(DATA):

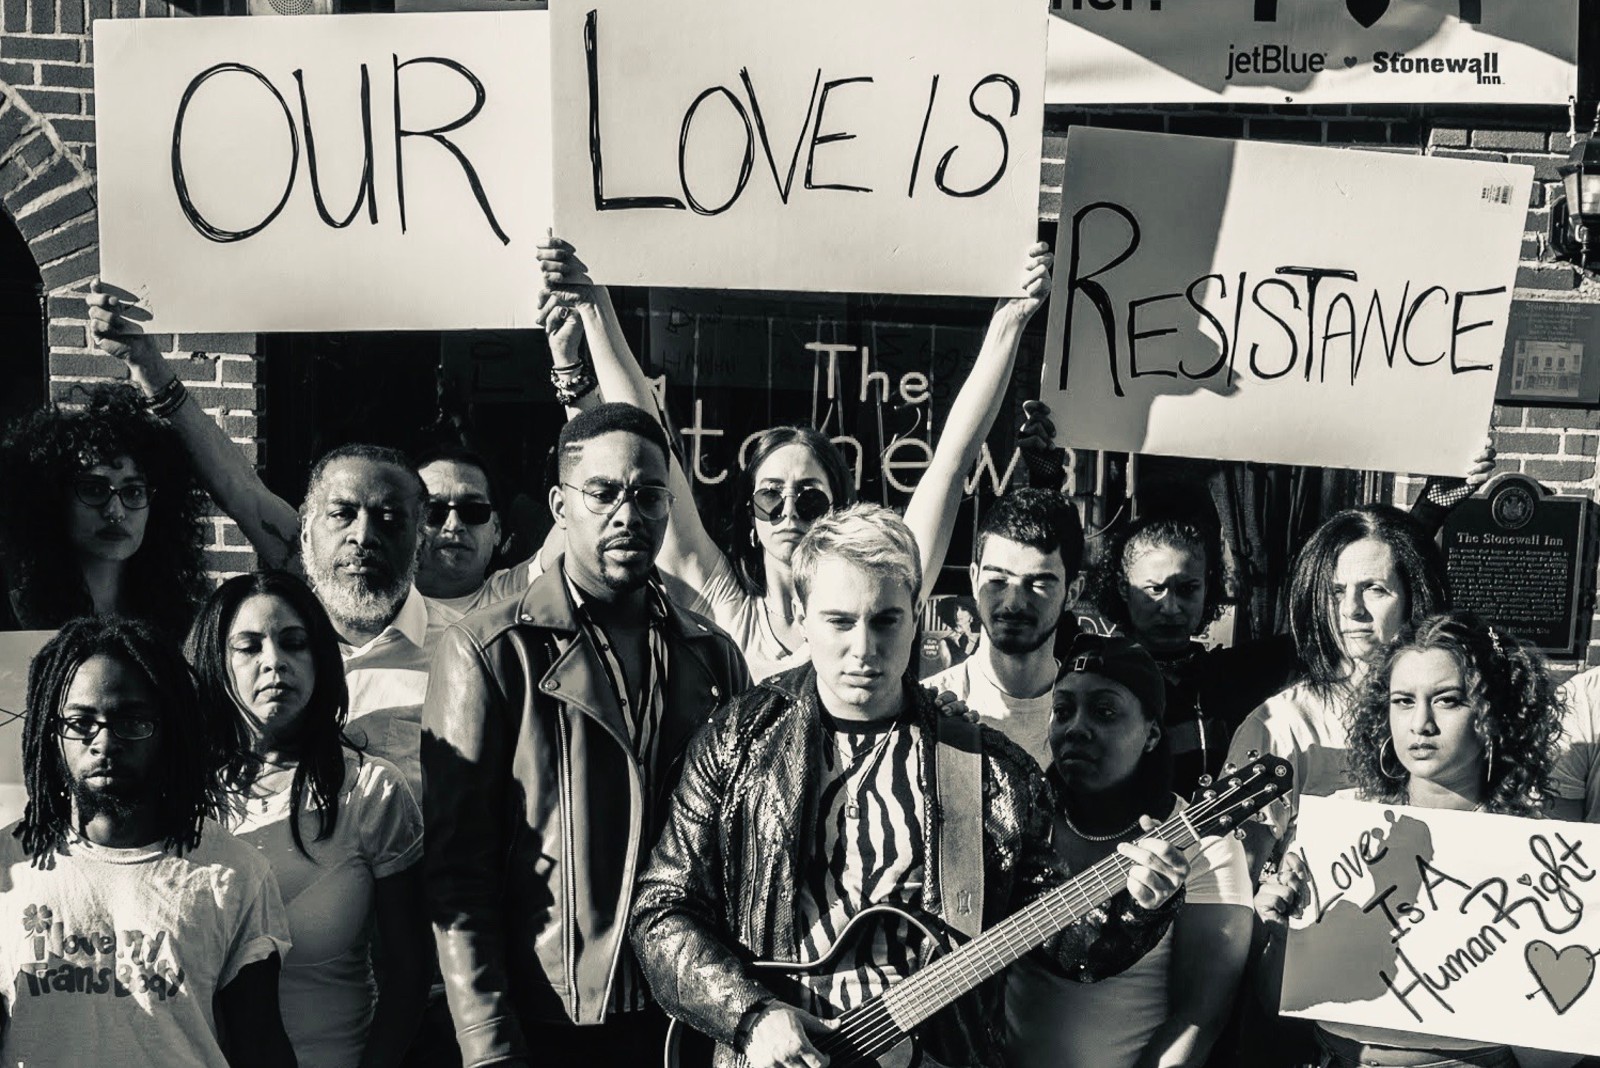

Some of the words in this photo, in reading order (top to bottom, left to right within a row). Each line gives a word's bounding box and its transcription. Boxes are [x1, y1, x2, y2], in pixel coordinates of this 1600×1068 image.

[1225, 44, 1325, 80] jetBlue
[1372, 51, 1499, 75] Stonewall
[1476, 70, 1503, 85] Inn
[171, 53, 510, 245] OUR
[584, 9, 874, 216] LOVE
[908, 73, 1020, 198] IS
[1059, 202, 1507, 397] RESISTANCE
[804, 342, 931, 404] The
[1457, 532, 1479, 543] The
[1483, 533, 1540, 545] Stonewall
[1544, 535, 1564, 546] Inn
[1300, 830, 1389, 924] Love
[1363, 885, 1426, 943] Is
[1415, 855, 1472, 911] A
[52, 921, 116, 959] love
[1379, 925, 1507, 1023] Human
[1459, 832, 1597, 935] Right
[20, 963, 112, 997] Trans
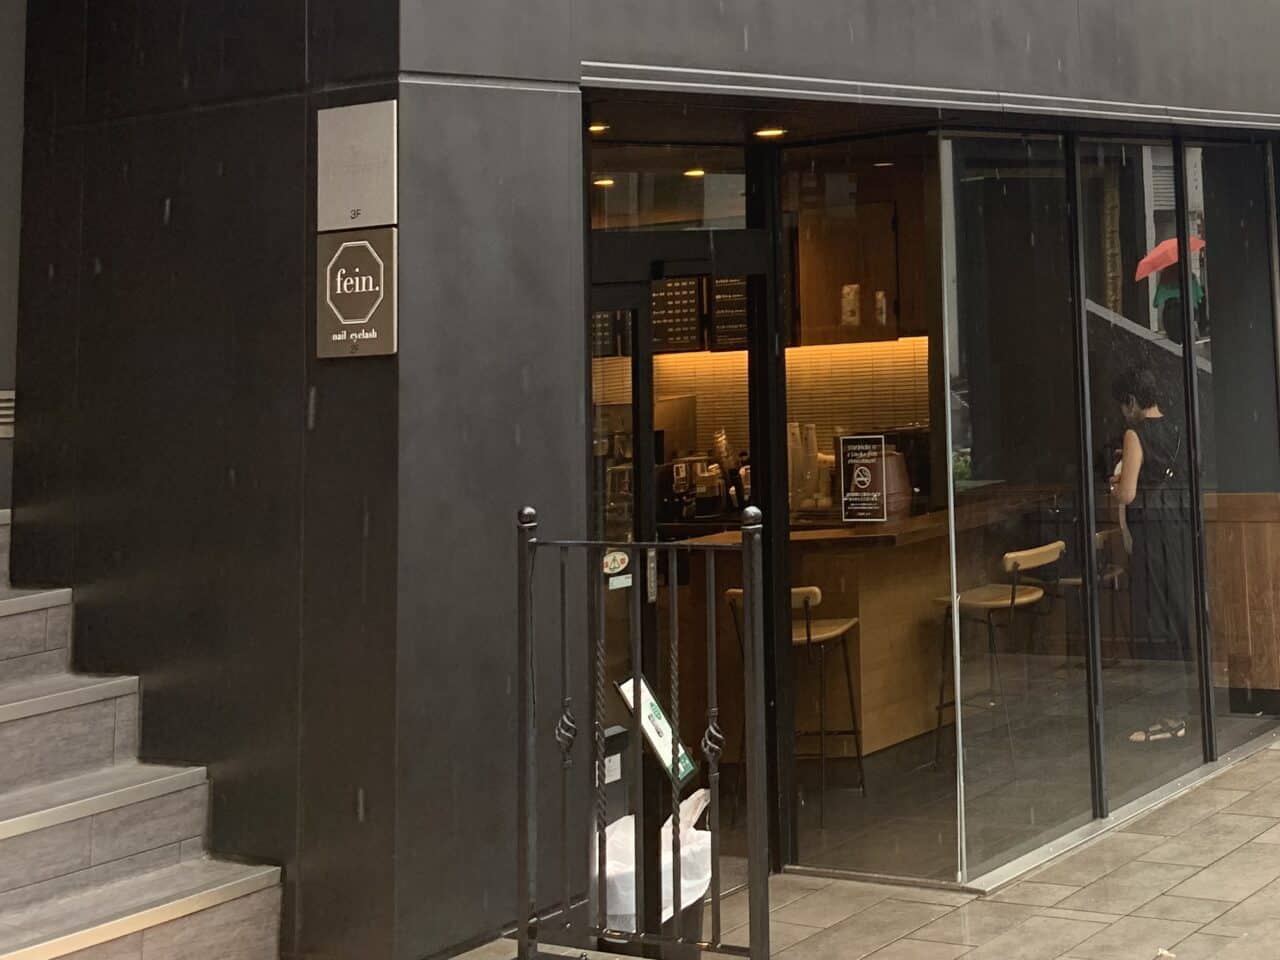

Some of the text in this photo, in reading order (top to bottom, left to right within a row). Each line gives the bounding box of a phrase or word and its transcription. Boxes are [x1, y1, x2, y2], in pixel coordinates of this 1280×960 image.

[335, 267, 380, 294] fein.
[332, 328, 378, 343] nail eyelash
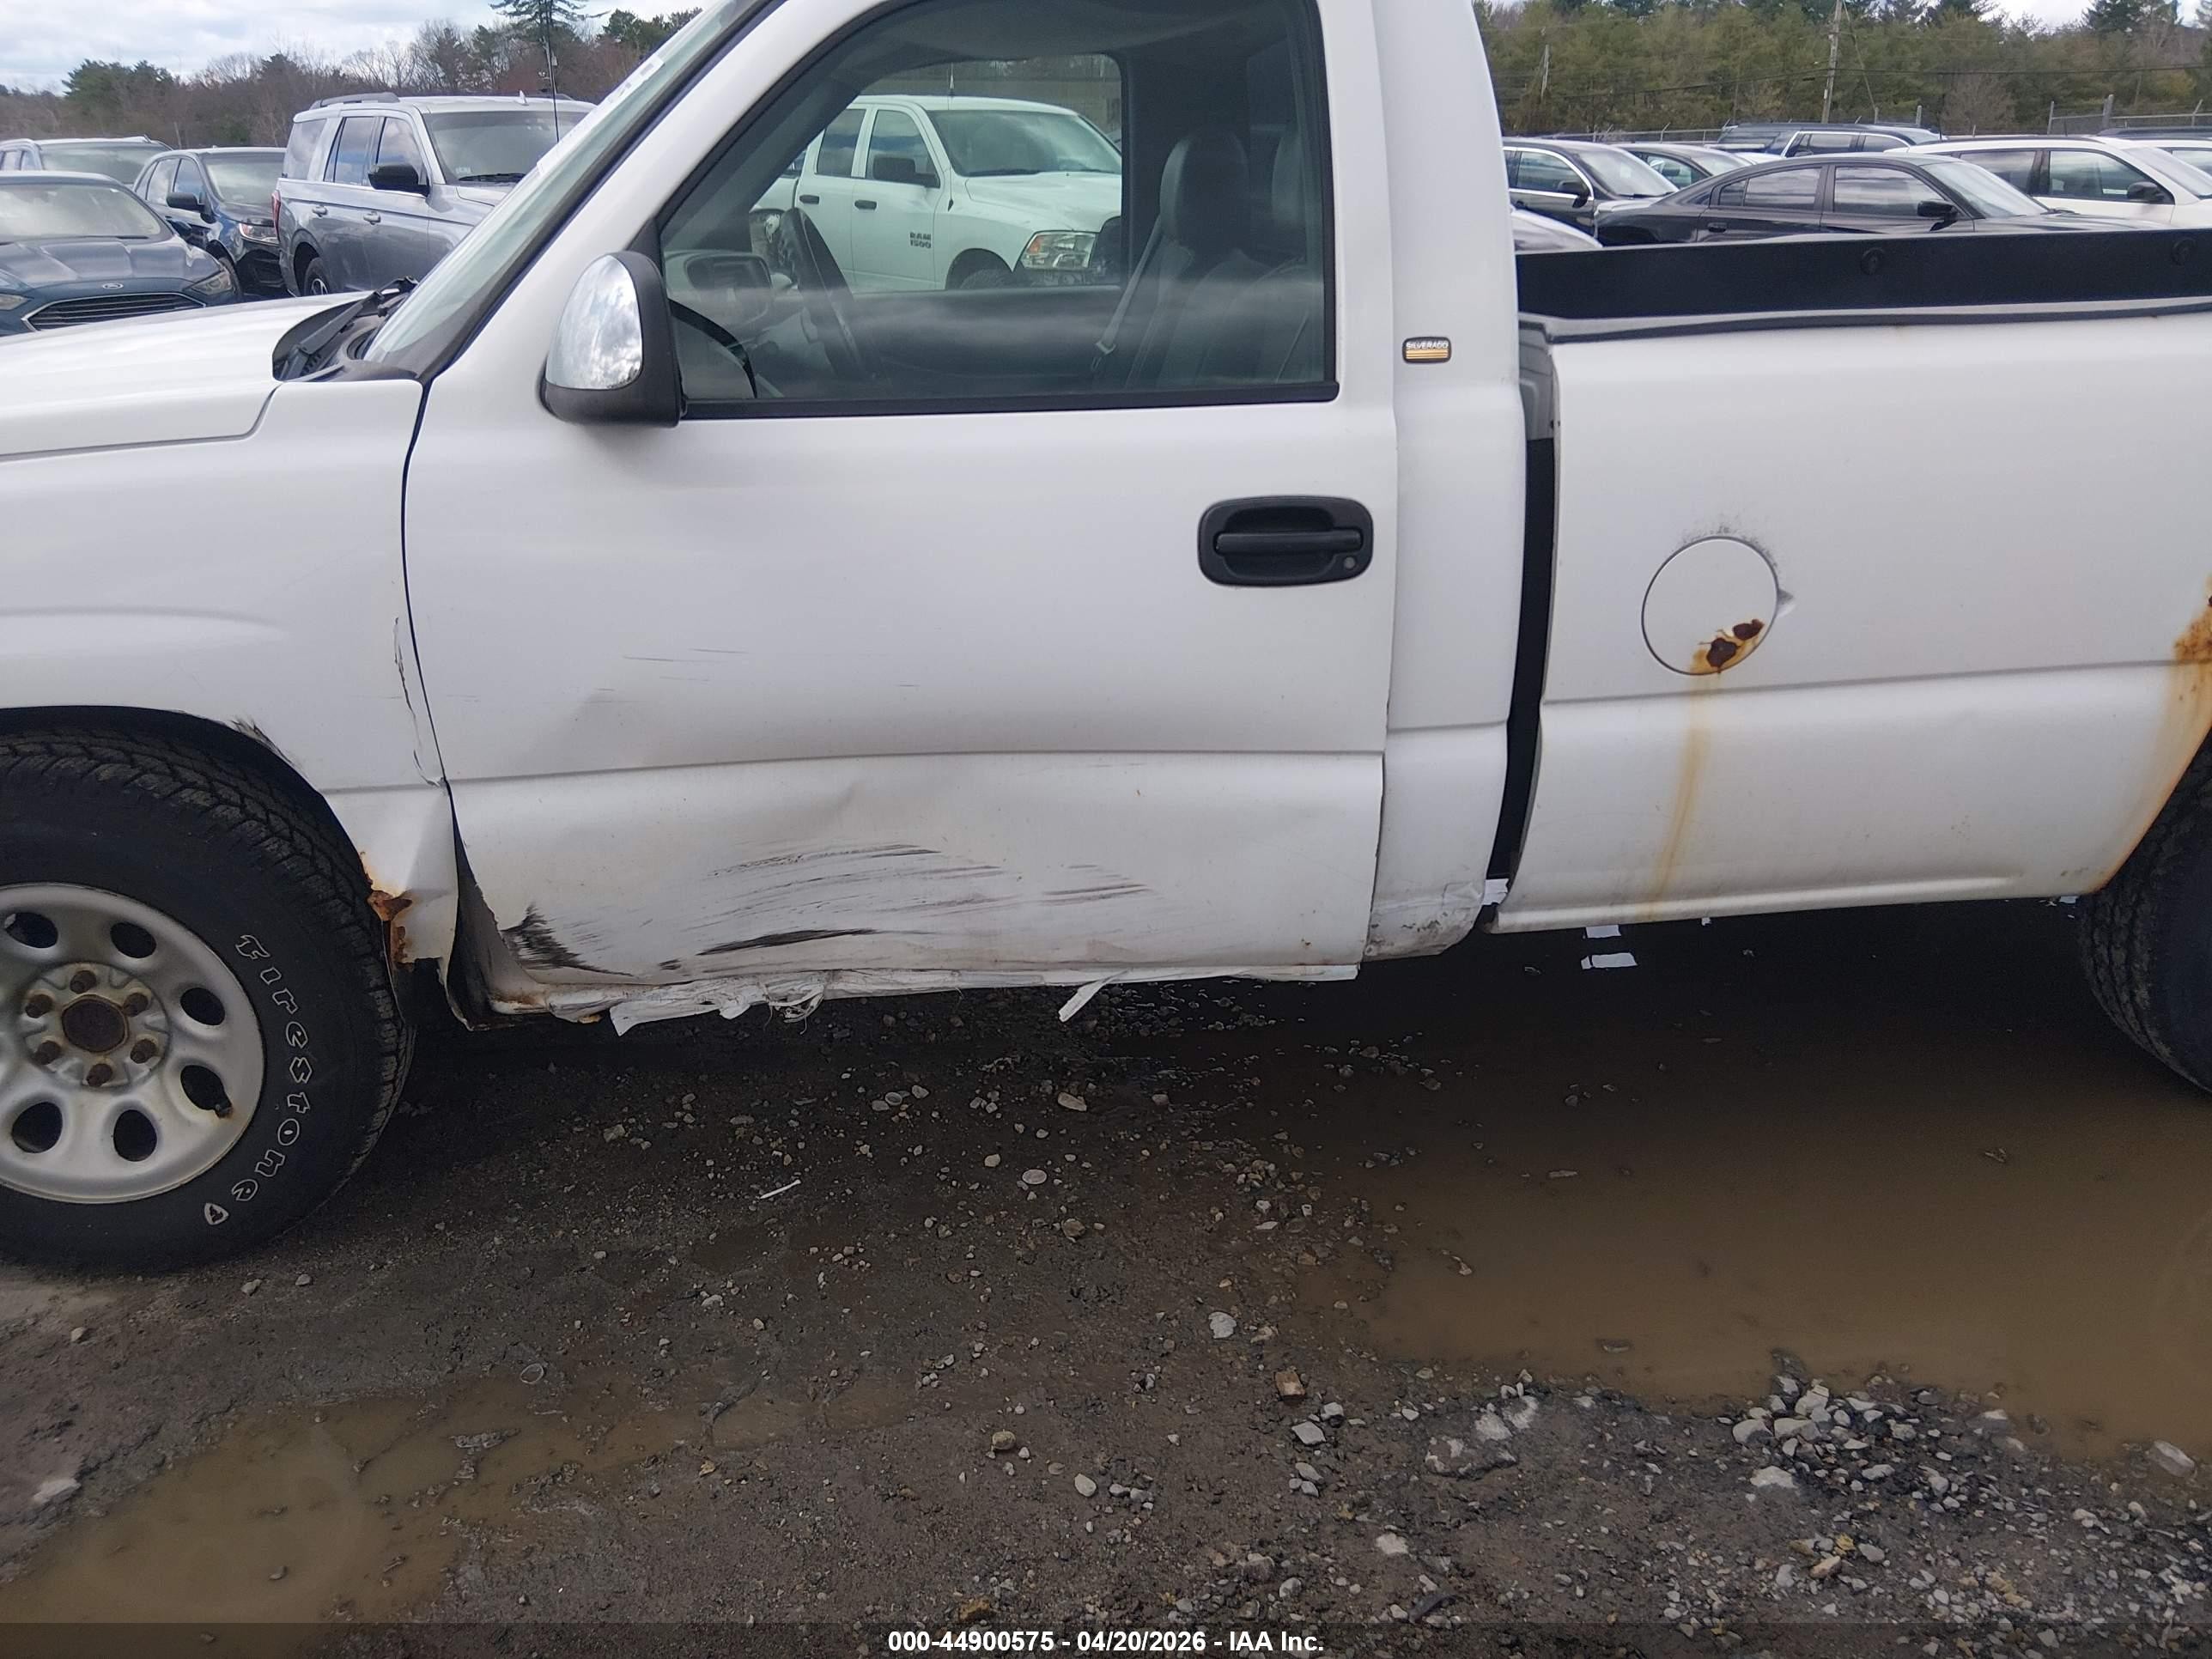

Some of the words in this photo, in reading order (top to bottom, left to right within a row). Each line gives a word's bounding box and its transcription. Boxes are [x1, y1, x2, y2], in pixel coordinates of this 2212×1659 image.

[909, 232, 932, 240] RAM
[909, 240, 932, 248] 1500
[1406, 340, 1449, 349] SILVERADO
[231, 934, 313, 1201] Firestone
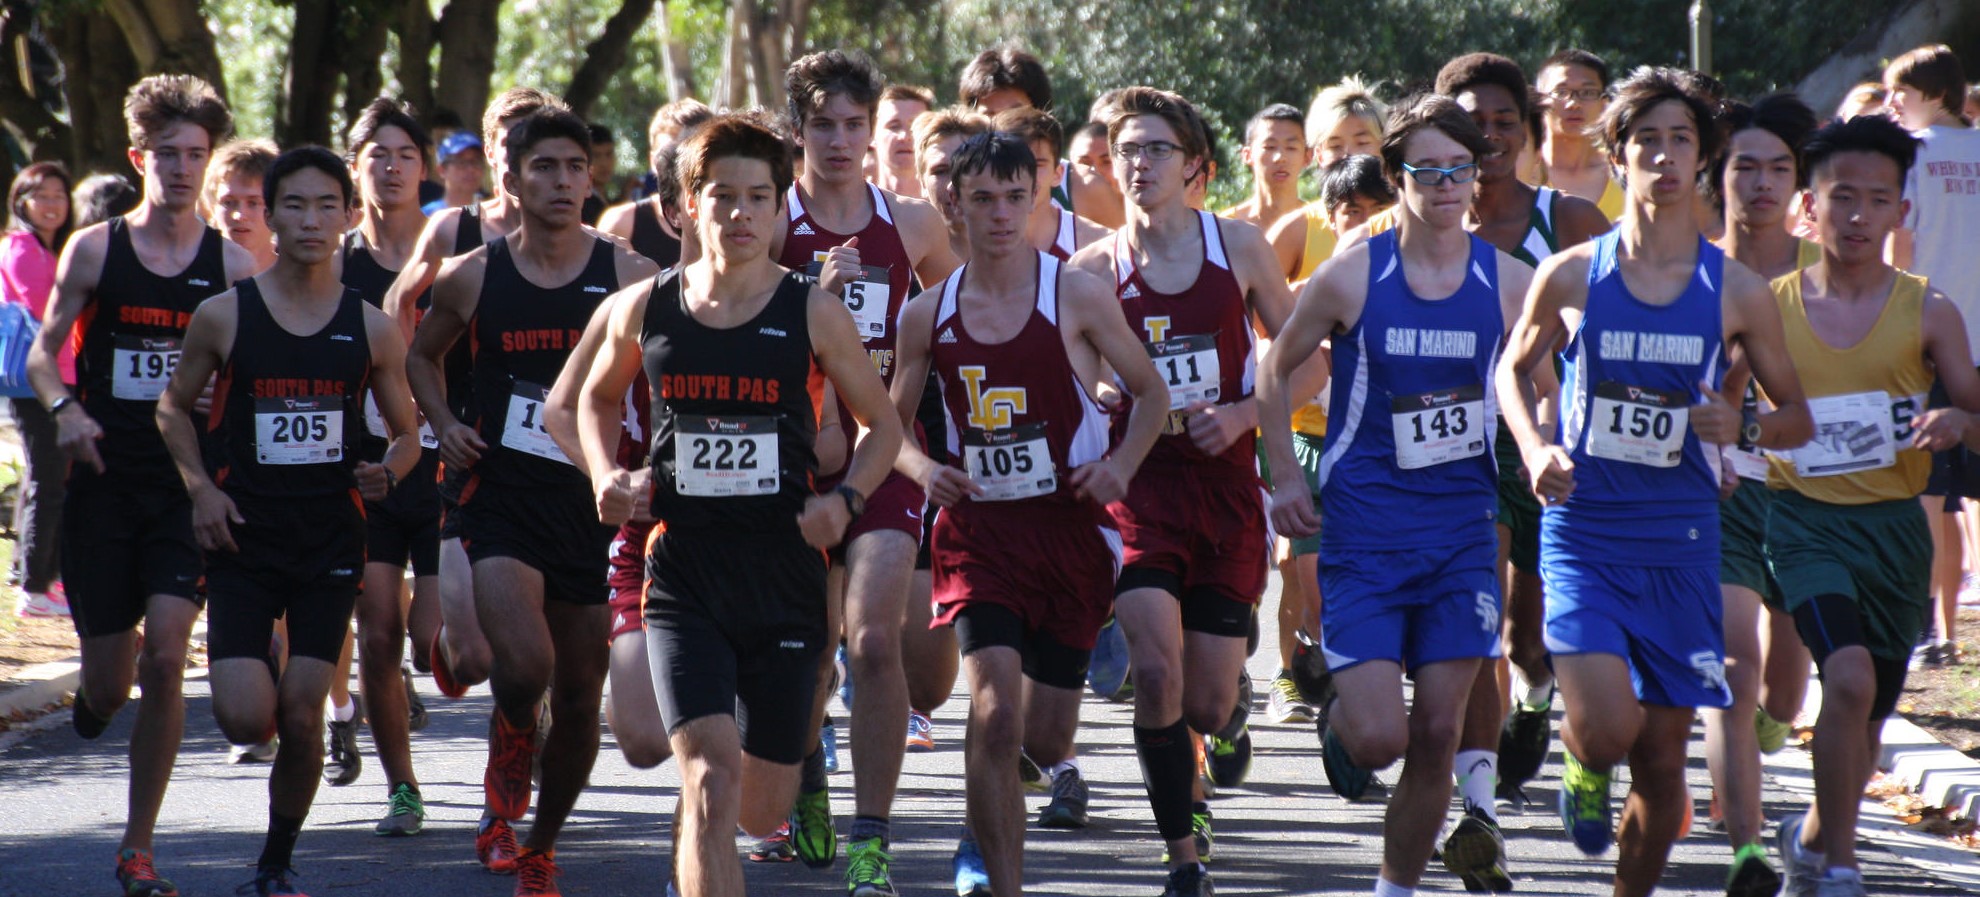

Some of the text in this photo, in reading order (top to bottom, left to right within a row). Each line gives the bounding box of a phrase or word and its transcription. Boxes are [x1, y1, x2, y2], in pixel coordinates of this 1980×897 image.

(TASK TO CARRY OUT): Before copying, set the pictures aside; then give the records again exactly.

(FINAL ANSWER):
Some of the words in this photo, in reading order (top to bottom, left to right within a row). Each line gives a word's bounding box and its transcription. Boxes are [x1, y1, x2, y2], in pixel coordinates of this 1600×1068 image.

[1225, 44, 1325, 80] jetBlue
[1372, 51, 1499, 75] Stonewall
[1476, 70, 1503, 85] Inn
[171, 53, 510, 245] OUR
[584, 9, 874, 216] LOVE
[908, 73, 1020, 198] IS
[1059, 202, 1507, 397] RESISTANCE
[804, 342, 931, 404] The
[1457, 532, 1479, 543] The
[1483, 533, 1540, 545] Stonewall
[1544, 535, 1564, 546] Inn
[1300, 830, 1389, 924] Love
[1363, 885, 1426, 943] Is
[1415, 855, 1472, 911] A
[52, 921, 116, 959] love
[1379, 925, 1507, 1023] Human
[1459, 832, 1597, 935] Right
[20, 963, 112, 997] Trans

Some of the text in this photo, in reading order (top to bottom, left to right within a row). Each line gives the bounding box of a phrase or word and its transcription. Boxes are [x1, y1, x2, y2], in pixel coordinates of this 1280×960 image.

[335, 267, 380, 294] fein.
[332, 328, 378, 343] nail eyelash

Some of the words in this photo, in reading order (top to bottom, left to right within a row). Each line gives a word's bounding box and its transcription. Boxes are [x1, y1, x2, y2], in pixel coordinates of this 2212×1659 image.

[909, 232, 932, 240] RAM
[909, 240, 932, 248] 1500
[1406, 340, 1449, 349] SILVERADO
[231, 934, 313, 1201] Firestone

Some of the text in this photo, in reading order (top to bottom, left to right within a row). Each line gives the bounding box of a phrase or word and its transcription. Boxes are [x1, y1, x2, y2], in pixel coordinates of this 1980×897 image.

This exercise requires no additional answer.